(I'm moving this part to the devel list.)

On 11/12/08 7:34 PM, "Roy Stogner" <[EMAIL PROTECTED]> wrote:

>> Ah... right again.  Right now find_neighbors() blows away all neighbor
>> information at the beginning, but I am about to change that for another
>> reason... (finishing the nemesis stuff).
> 
> Run your changes by me?  find_neighbors() is probably where we need
> to fix the outstanding bug in ParallelMesh adaptive coarsening, too.

I'm not sure what that bug is, but here's what I've got planned...

Right now the Nemesis importer will allow you to read parallel files, in
which each processor reads its local elements, their boundary conditions,
and all the nodes needed by its local elements.  There appears to be
provisions in the file format for 'ghost' elements, but as far as I can tell
these are not required so I do not want to count on them.

At the end of the read, each processor has its elements, and proper
ownership of the nodes (by our min(pid) over the patch convention) has been
established.  But there is no neighbor connectivity.  So what I want to do
is:

(1) find_neighbors() to immediately establish all local-to-local neighbor
element connectivity.

(2) compute a bounding box for the local elements, and communicate these
globally in an alltoall or something

(3) figure out which processors have touching bounding boxes, and thus hold
potential neighbors

(4) build a sorted list of all the nodes on the current processor that live
on faces with NULL neighbors

(5) send this list off to each of those potentially neighboring processors,
receive back all their elements which have 2 or more nodes in the list
(could be 1, but I *think* 2 is sufficient)

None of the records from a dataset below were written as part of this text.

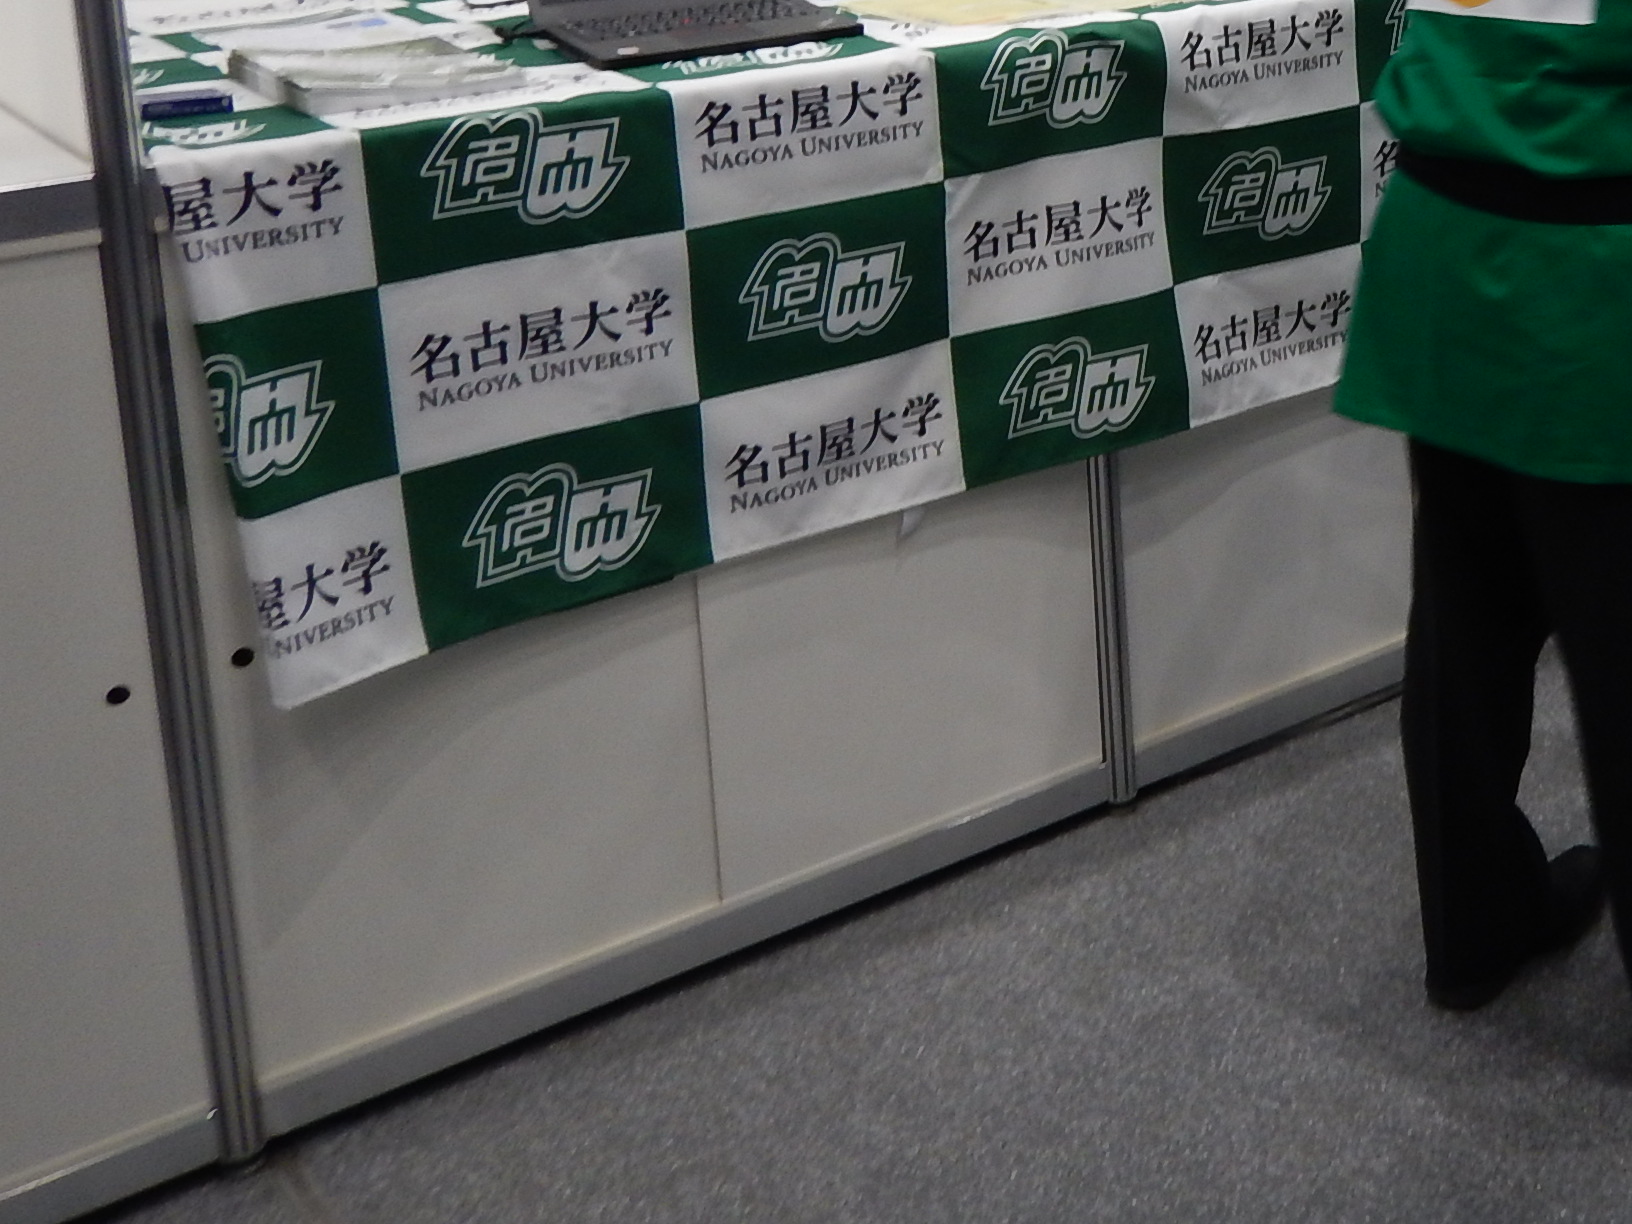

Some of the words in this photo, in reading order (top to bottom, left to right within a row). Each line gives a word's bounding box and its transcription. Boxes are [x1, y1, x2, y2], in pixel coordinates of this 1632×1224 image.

[1181, 8, 1345, 72] 名古屋大学
[1184, 64, 1250, 93] NAGOYA
[1252, 50, 1344, 82] UNIVERSITY
[694, 72, 925, 148] 名古屋大学
[701, 142, 794, 173] NAGOYA
[800, 120, 926, 156] UNIVERSITY
[182, 216, 344, 263] UNIVERSITY
[963, 186, 1154, 263] 名古屋大学
[967, 253, 1048, 286] NAGOYA
[1056, 230, 1156, 269] UNIVERSITY
[410, 288, 673, 385] 名古屋大学
[1193, 289, 1352, 365] 名古屋大学
[418, 371, 524, 412] NAGOYA
[528, 338, 674, 382] UNIVERSITY
[1201, 354, 1257, 387] NAGOYA
[724, 391, 943, 489] 名古屋大学
[729, 477, 822, 514] NAGOYA
[825, 439, 945, 487] UNIVERSITY

(6) add their elements to the local mesh, find_neighbors() again.  But here
I don't want to throw away the information from 1, just to update it with
the new elements.  (I was just thinking about an optional bool
remove_existing_neighbor_info = true or something like that... But if there
is something else in find_neighbors() that needs to change I'm open to
suggestions.)

(7) after all this, by my estimation any *local* element that has a NULL
neighbor truly does live on the boundary.  There is a final step to add
RemoteElem's where needed to the ghost element neighbor list, but that is
doable by asking their owning processor.